At the height of their fame, The Osmonds were well-known for their happy-go-lucky natures as well as chart-topping hits.
But their millions of fans could never have guessed that behind the famous smiles, lead singer and bassist Merrill was battling depression so severe that as a teenager he came close to taking his own life.
“The depression has been with me for ever,” says Merrill, 66, who was finally diagnosed with bipolar disorder at the age of 30. “I still have bouts of it almost weekly. I can sit and cry all night, which I’ve done many times.
“My last attack was yesterday. I didn’t want to get out of bed and I had
press interviews to do. I tried to cancel them, but my assistant said: ‘Merrill, remember what you have to do in these cases’. So I was able to talk to myself. It took me about an hour and it wasn’t easy, but I got through it.
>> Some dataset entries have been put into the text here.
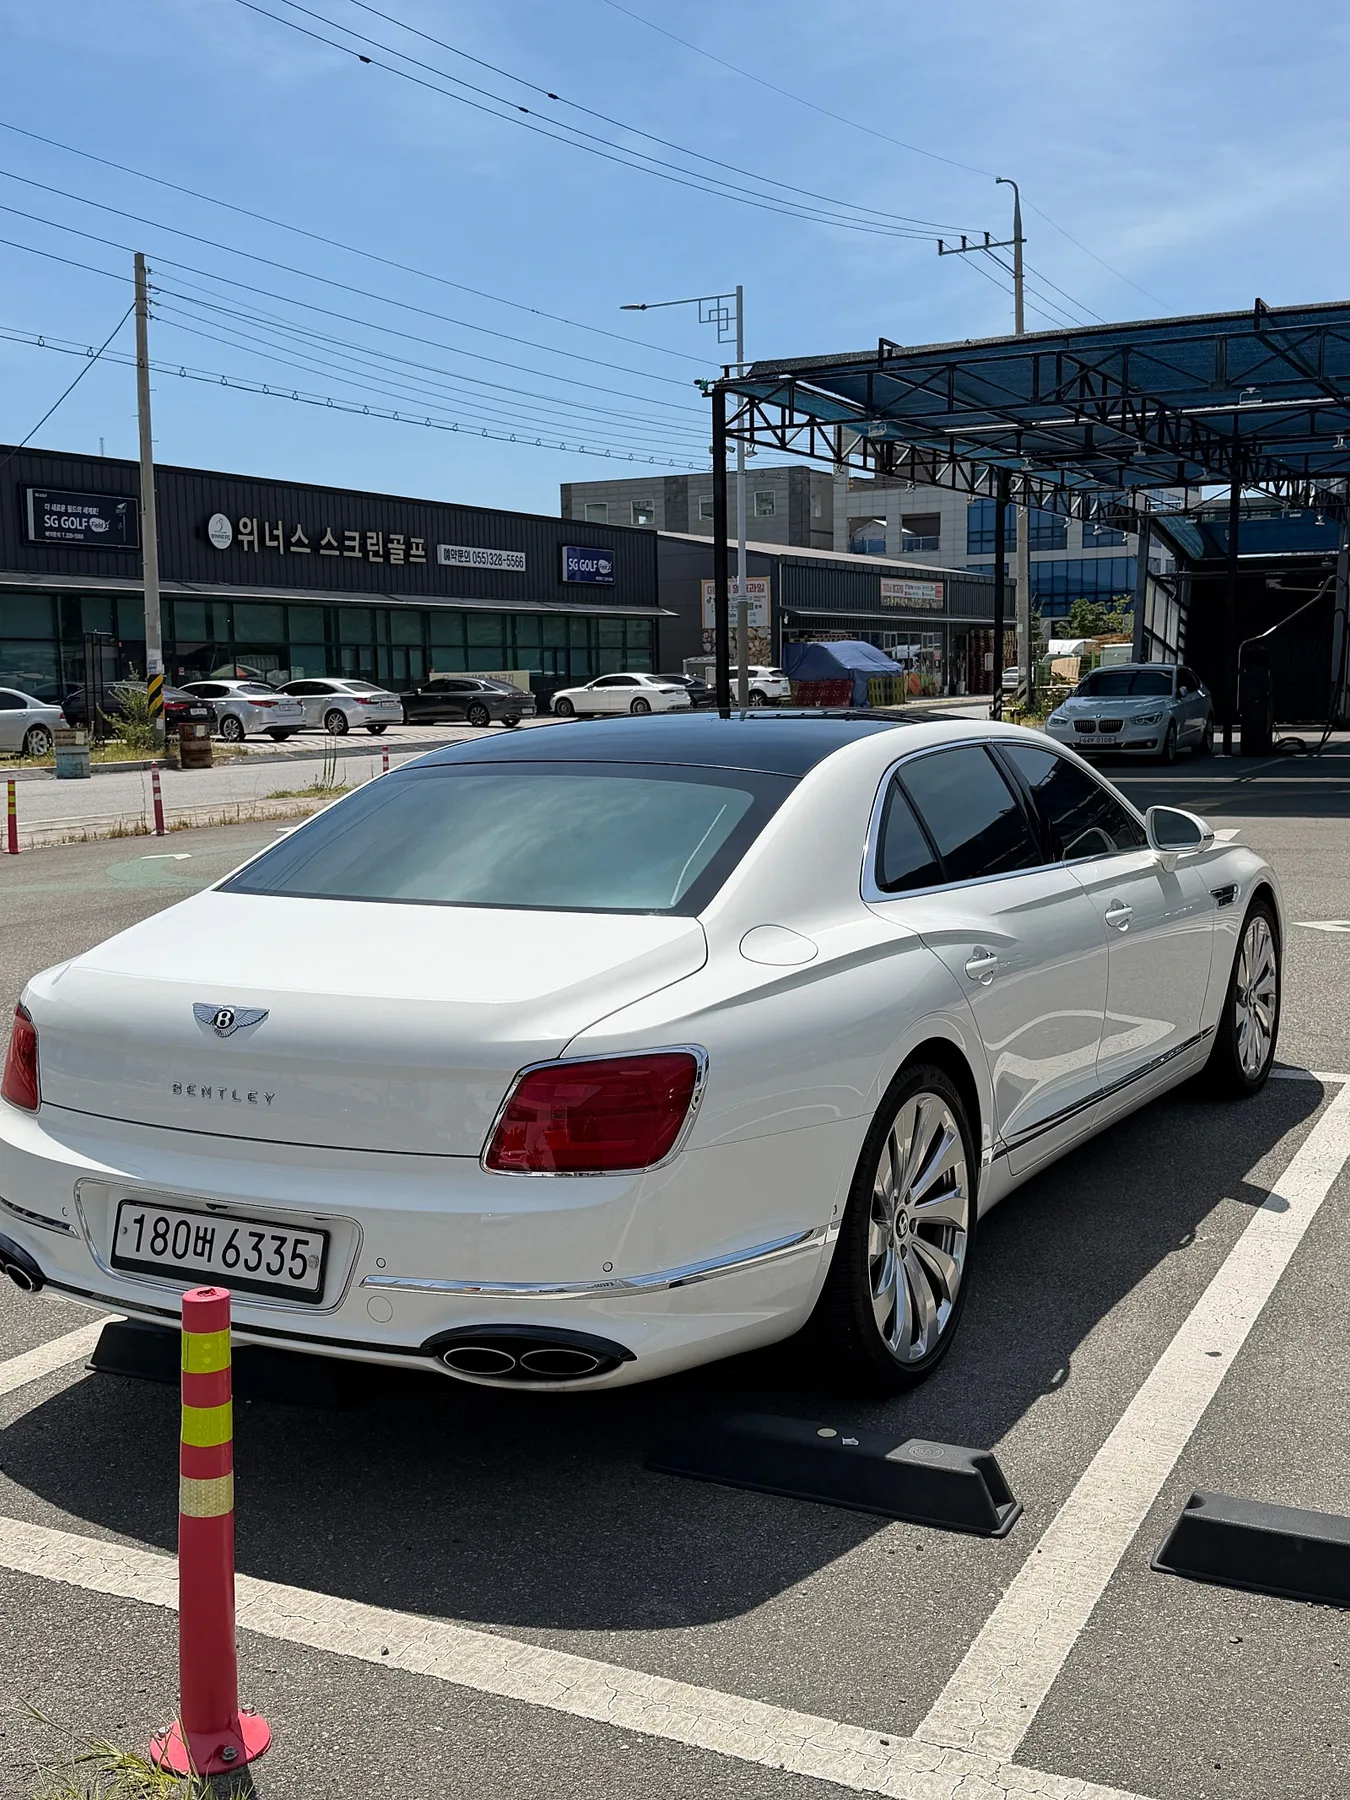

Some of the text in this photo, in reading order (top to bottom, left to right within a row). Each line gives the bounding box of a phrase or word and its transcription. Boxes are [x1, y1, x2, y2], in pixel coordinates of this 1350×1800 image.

[44, 515, 58, 527] SG
[61, 517, 88, 530] GOLF
[237, 517, 427, 565] 위너스 스크린골프
[443, 547, 524, 569] 예약문의 055)328-5566
[568, 558, 598, 572] SG GOLF
[172, 1081, 276, 1106] BENTLEY
[133, 1213, 310, 1280] 180버 6335
“I go into a very scary state where I lose perspective. I lose hope, my hands start shaking and I’m not thinking straight – my mind is scrambling. I’m out of control.
“At my worst I can’t speak to people. I want to be by myself. It’s not a pretty sight. You don’t want to be around me, but with medication I’m able to experience a little bit of normality.”
Recalling the day he came close to suicide, Merrill says: “I had a knife and I didn’t want to live because I had no hope. It was a Buck Knife that was in the house. I picked it up and walked out.
“It was a spur of the moment thing and I climbed up to the top of a mountain near my home in Utah. I couldn’t see any light and the feelings of not wanting to live were so prevalent in my mind, there was just darkness.
“The only thing that stopped me taking my life was a miraculous wind that came out of nowhere and almost blew me over. I realised there was something going on that was bigger than me and it startled me to the point where I put the knife down and decided I was going to face my feelings head on.”
Merrill was 16 at the time. Already a huge success on American television with his brothers – but not yet a musical sensation – he didn’t mention the episode to any of them. “Back then depression wasn’t really focused on,” he says. “People hardly spoke about it, so it took a while to process what was going on and I kept quiet.”
A few weeks later he visited a doctor friend who took him to a psychologist who confirmed he was suffering from anxiety and depression. Today he thinks it may have been caused by a combination of genetics – his father George was diagnosed with bipolar disorder and Merrill’s siblings Donny and Marie have both experienced depression – and his unconventional upbringing.
“My childhood was run like I was in the military and I was always in the spotlight,” he says. “Before all the fame, as a really young child, I was extremely happy-go-lucky and very mellow. But when I was four we knew we needed to start working really hard. Our Dad was a military sergeant and my brain started to churn with it all.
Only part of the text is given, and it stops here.